[Referring expression grounding data]
★ ★ ★ ★ ★ ★ ★

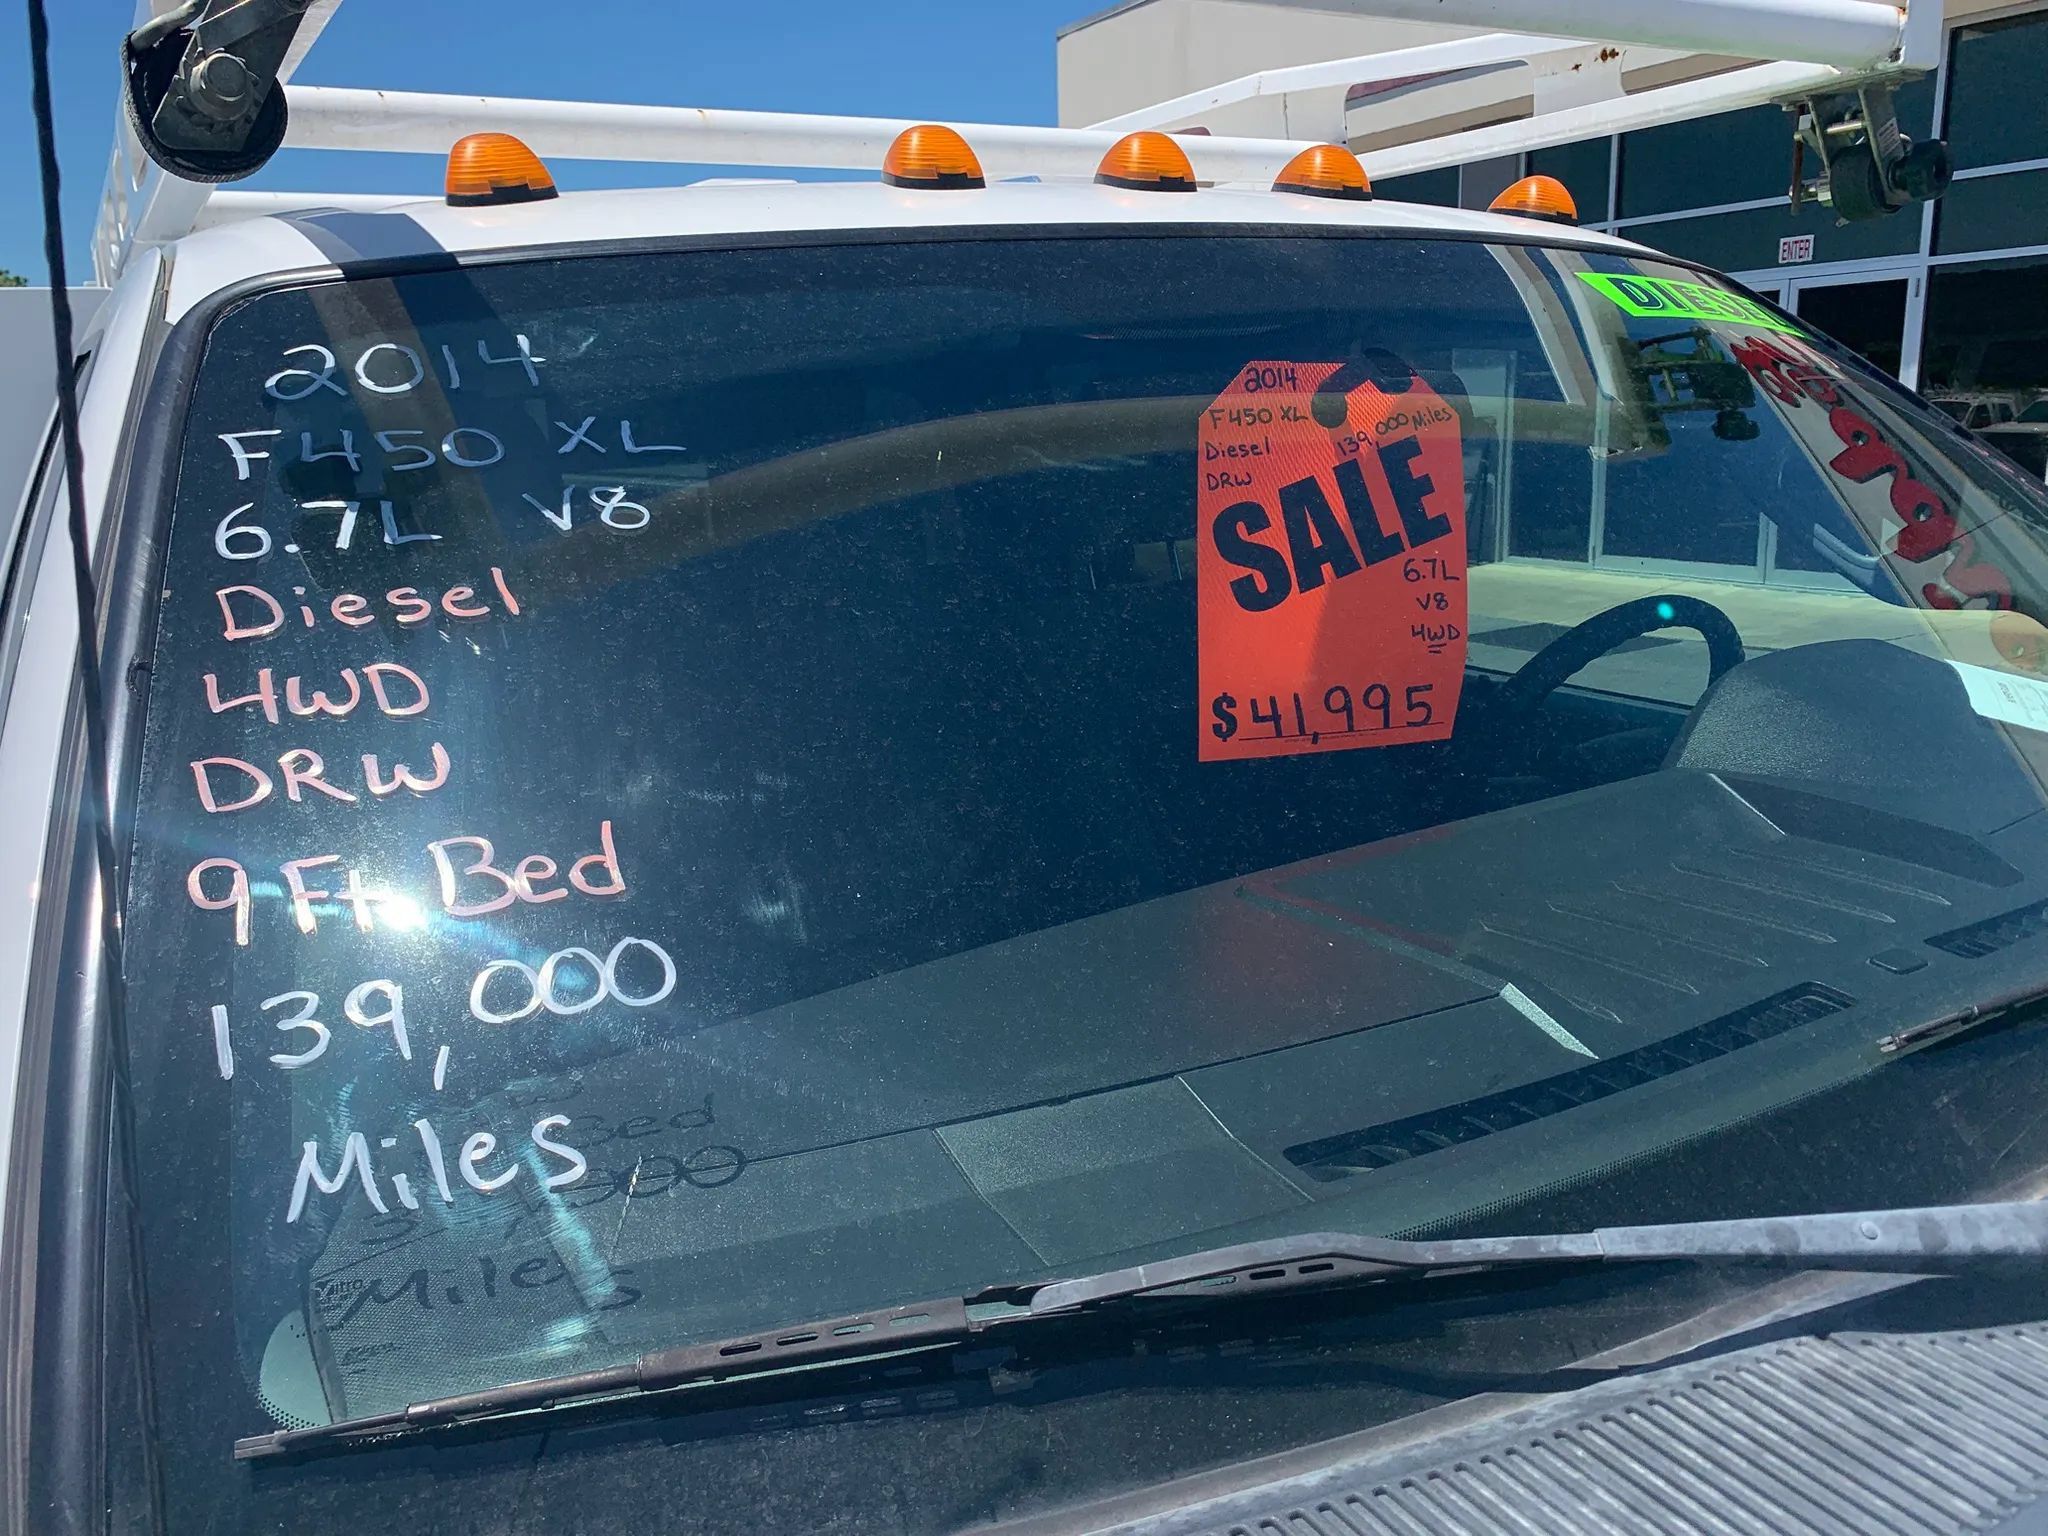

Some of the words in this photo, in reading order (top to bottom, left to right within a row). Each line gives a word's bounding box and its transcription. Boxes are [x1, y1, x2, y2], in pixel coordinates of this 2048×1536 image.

[1781, 239, 1811, 261] ENTER
[1607, 275, 1788, 326] DIESEL
[264, 334, 546, 399] 2014
[1244, 366, 1298, 393] 2014
[555, 416, 688, 454] XL
[1209, 406, 1273, 430] F450
[1280, 405, 1309, 422] XL
[1412, 405, 1453, 432] Miles
[1205, 436, 1271, 461] Diesel
[1206, 472, 1252, 491] DRW
[215, 500, 443, 560] 6.7L
[521, 485, 651, 531] V8
[1212, 434, 1453, 612] SALE
[1403, 558, 1460, 583] 6.7L
[216, 567, 520, 641] Diesel
[1416, 592, 1449, 611] V8
[1411, 624, 1461, 642] 4WD
[203, 662, 430, 725] 4WD
[1212, 684, 1434, 745] $41,995
[190, 742, 451, 813] DRW
[187, 857, 250, 946] 9
[281, 855, 388, 935] Ft
[428, 820, 627, 916] Bed
[210, 936, 677, 1090] 139,000
[287, 1113, 588, 1223] Miles
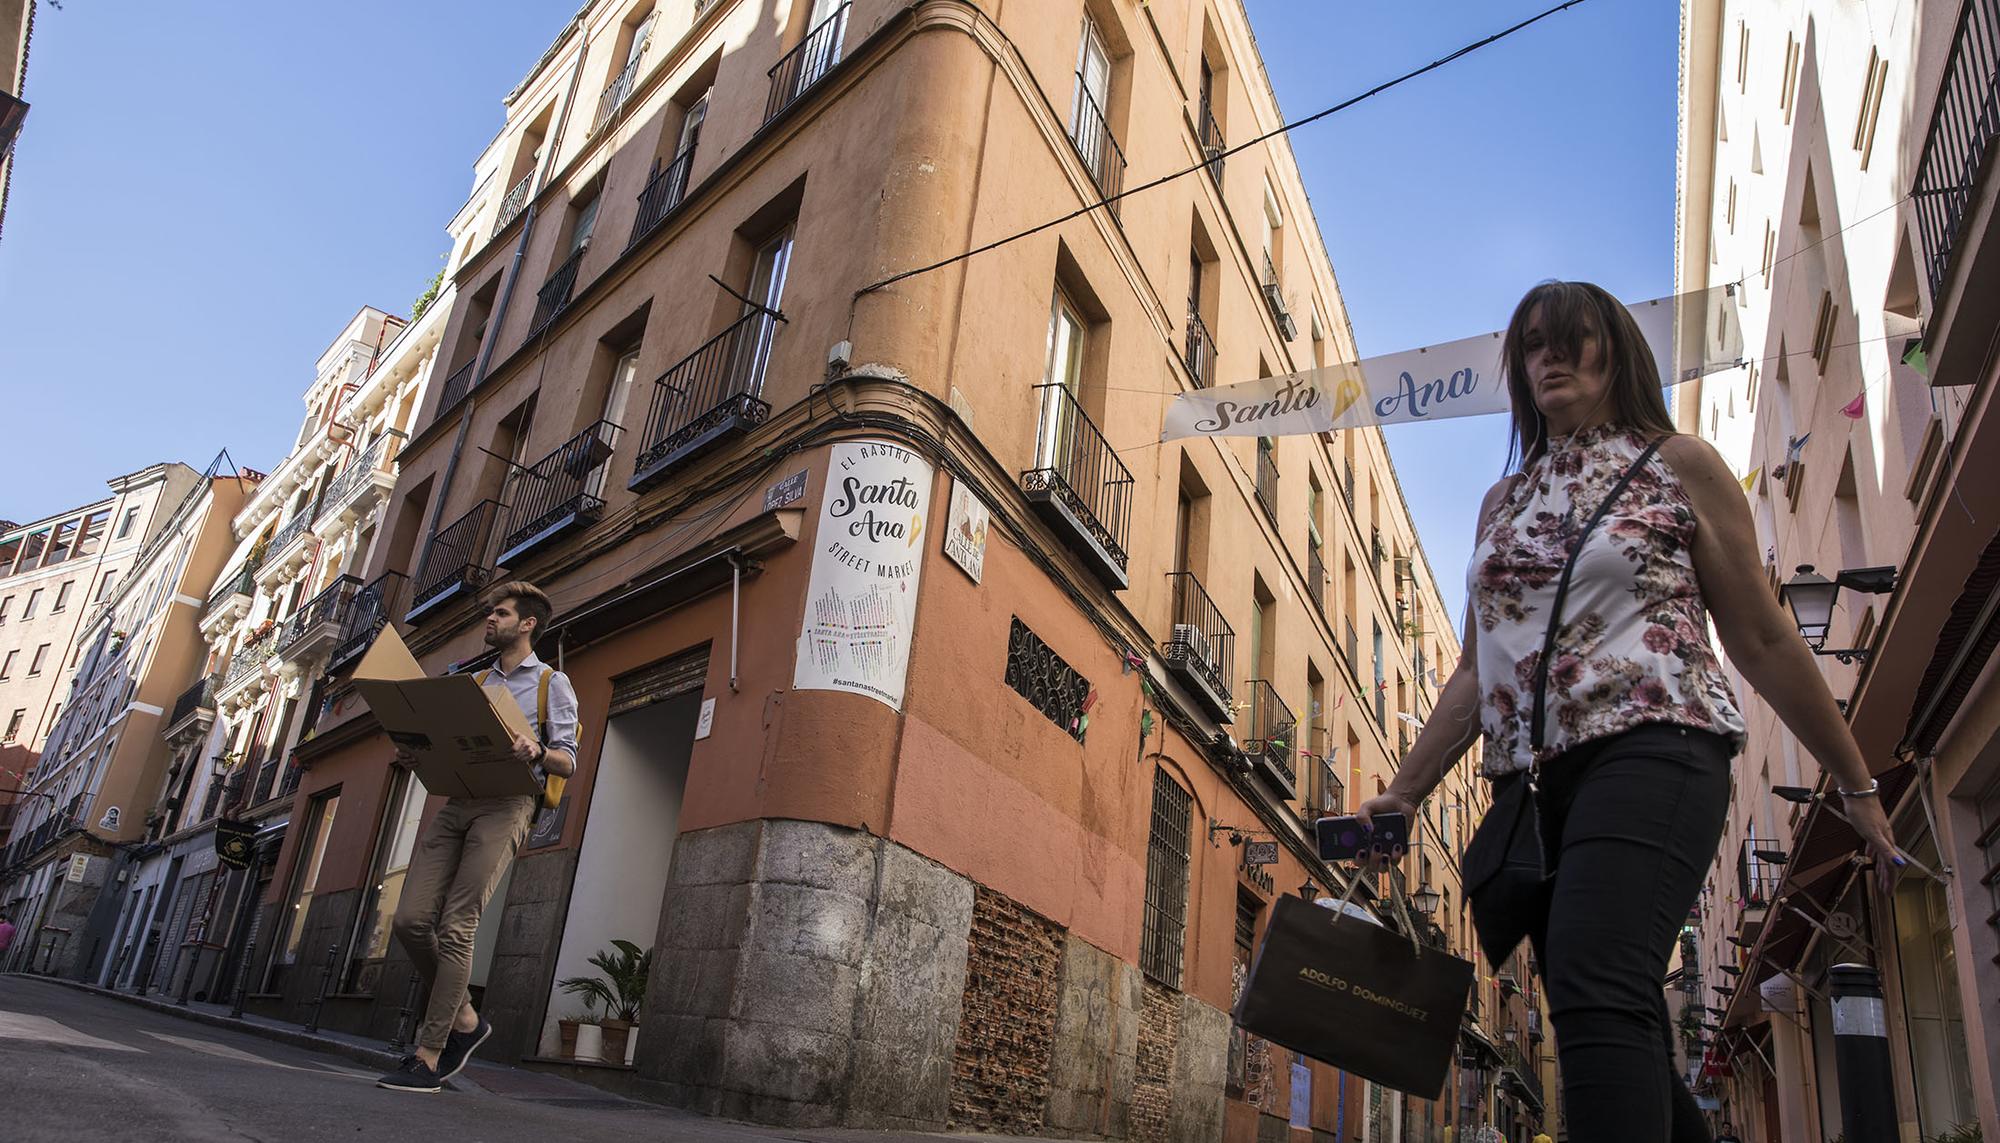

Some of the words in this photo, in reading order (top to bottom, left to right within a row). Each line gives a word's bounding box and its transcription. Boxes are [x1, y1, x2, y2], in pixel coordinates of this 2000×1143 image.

★ ★ ★ ★ ★ ★ ★

What is expected - Print every record above exactly, but no pictures.

Answer space -
Some of the words in this photo, in reading order (top to bottom, left to right within a row). Each line gives a word's bounding box and its transcription. Boxes are [x1, y1, x2, y2], in pixel coordinates of this 2048×1536 image.

[1781, 239, 1811, 261] ENTER
[1607, 275, 1788, 326] DIESEL
[264, 334, 546, 399] 2014
[1244, 366, 1298, 393] 2014
[555, 416, 688, 454] XL
[1209, 406, 1273, 430] F450
[1280, 405, 1309, 422] XL
[1412, 405, 1453, 432] Miles
[1205, 436, 1271, 461] Diesel
[1206, 472, 1252, 491] DRW
[215, 500, 443, 560] 6.7L
[521, 485, 651, 531] V8
[1212, 434, 1453, 612] SALE
[1403, 558, 1460, 583] 6.7L
[216, 567, 520, 641] Diesel
[1416, 592, 1449, 611] V8
[1411, 624, 1461, 642] 4WD
[203, 662, 430, 725] 4WD
[1212, 684, 1434, 745] $41,995
[190, 742, 451, 813] DRW
[187, 857, 250, 946] 9
[281, 855, 388, 935] Ft
[428, 820, 627, 916] Bed
[210, 936, 677, 1090] 139,000
[287, 1113, 588, 1223] Miles

Some of the words in this photo, in reading order (top to bottom, left to right within a row). Each line gives a word's bounding box and its transcription. Boxes are [x1, y1, x2, y2], in pixel coordinates of this 2000×1143 image.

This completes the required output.